Les résultats des sondages sur les votations à venir sont connus : tant l’étude commandée par le groupe de presse Tamedia que celle commandée par la SSR prévoient un résultat serré. Selon le premier sondage, le « oui » recueille plus de 50 % des voix, tandis que, selon le second, il recueille 47 % des voix contre 47 % pour le « non ».
L’UDC pourrait donc convaincre la majorité des électeur-trices avec son initiative. Le parti de droite remporterait ainsi son plus grand succès et marquerait durablement l’histoire suisse.
Une chose est claire : le plafonnement de la population pour préserver le paysage et les ressources suisses est un faux argument — sinon, l’UDC s’engagerait en faveur d’une politique environnementale et climatique efficace. Ce qu’elle vise réellement, c’est la mise en œuvre fidèle de son programme : les migrant-es doivent être privé-es de leurs droits et la libre circulation des personnes avec l’UE doit prendre fin.
Programme du parti de l’UDC : le passé plutôt que l’avenir
Un élément central de la doctrine de l’UDC : freiner l’immigration, parce que, selon le programme du parti, on parle par exemple « de moins en moins de dialecte » dans les écoles. Le fait que l’on ne parle pas non plus de suisse allemand dans les écoles de Suisse romande ou du Tessin, l’UDC n’y pense même pas. Pour elle, il existe une « culture suisse », avec des « valeurs suisses », que seuls les « vrais Suisses » peuvent incarner.
Les personnes qui cherchent une vie meilleure en Suisse ou qui fuient la guerre ne doivent pas obtenir de permis de séjour permanent et ne sont tolérées qu’en tant que main-d’œuvre temporaire. Leur famille et leurs enfants doivent rester dans un autre pays. Un tel système existait déjà jusque dans les années 90 : grâce au statut dit de « saisonnier », on faisait venir en Suisse une main-d’œuvre bon marché — sans droits, mal payée et à la merci des patrons.
Rupture avec l’UE
La rupture avec l’Union européenne serait également mise en œuvre directement à partir du programme du parti. En effet, l’initiative aurait pour conséquence la dénonciation de l’accord sur la libre circulation des personnes avec l’UE. L’UDC aurait ainsi définitivement atteint son objectif premier : isoler la Suisse sur la scène internationale.

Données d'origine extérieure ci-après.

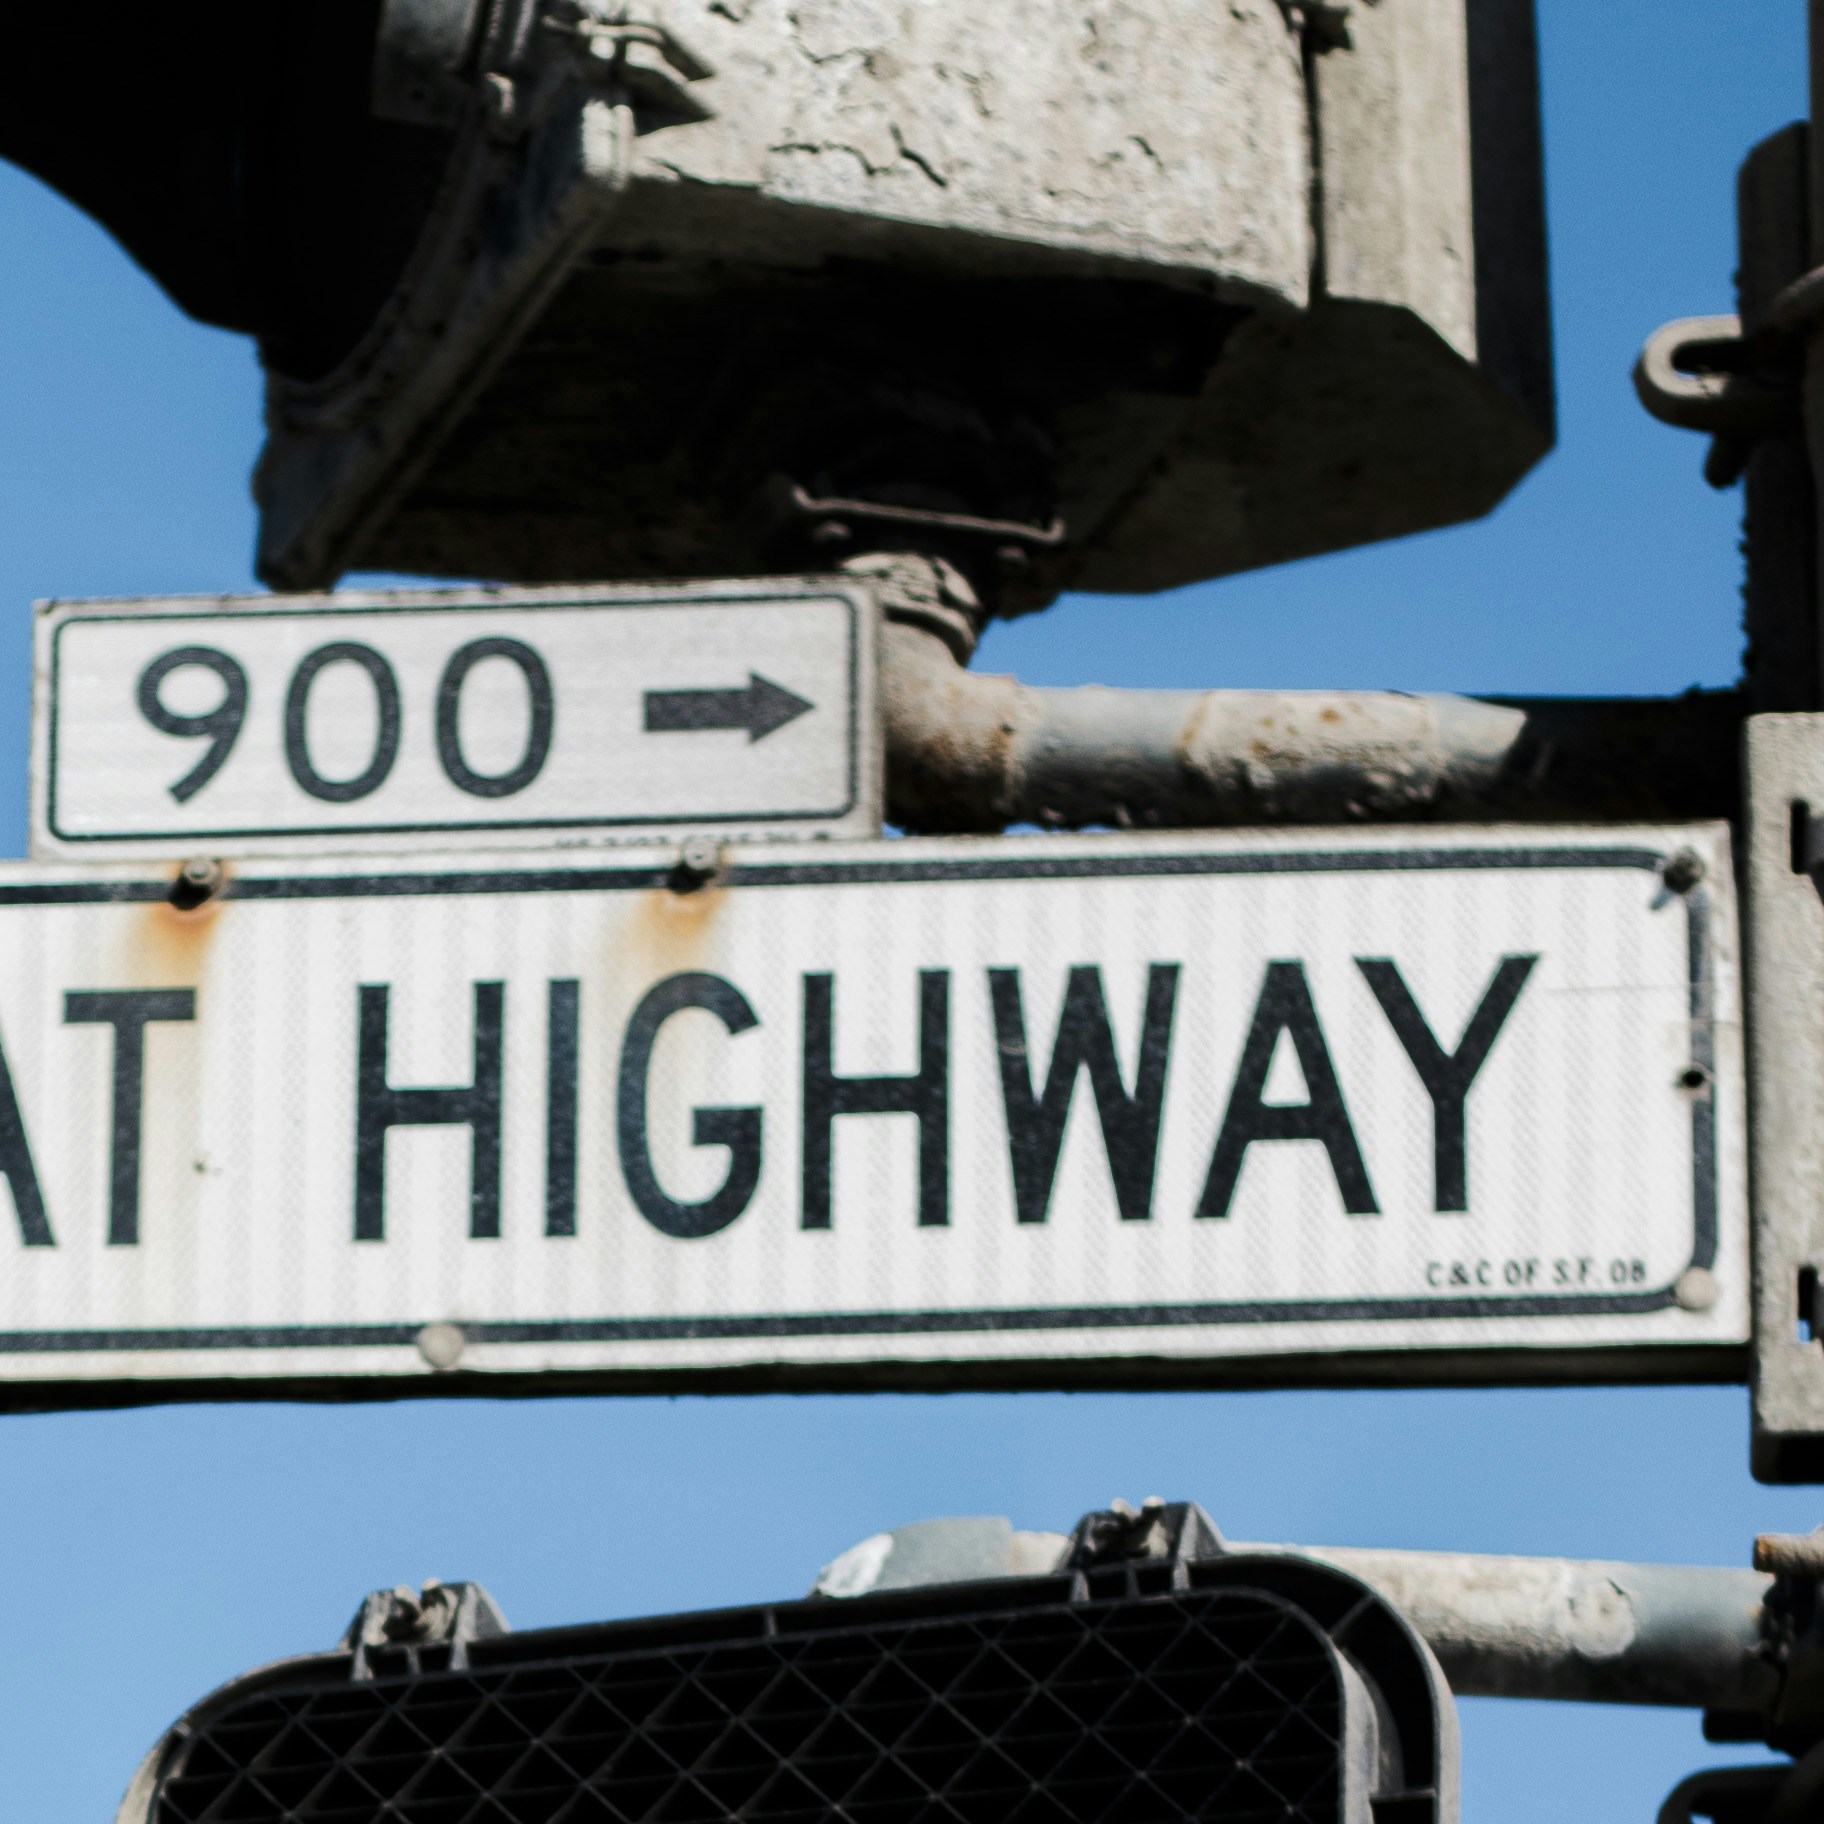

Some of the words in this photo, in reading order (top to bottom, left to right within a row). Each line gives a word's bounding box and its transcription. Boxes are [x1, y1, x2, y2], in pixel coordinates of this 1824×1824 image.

L’UDC est prête à en assumer les conséquences pour l’économie, les familles, les institutions sociales et la tradition humanitaire suisse. L’essentiel est que sa vision d’une Suisse « comme autrefois » devienne réalité.
Il est toutefois réjouissant de constater que de nombreux-ses électeur-trices ne souhaitent pas non plus retourner dans le passé : selon les sondages, la mobilisation du camp progressiste sera déterminante pour l’issue du scrutin. Il est encore possible de renverser la tendance.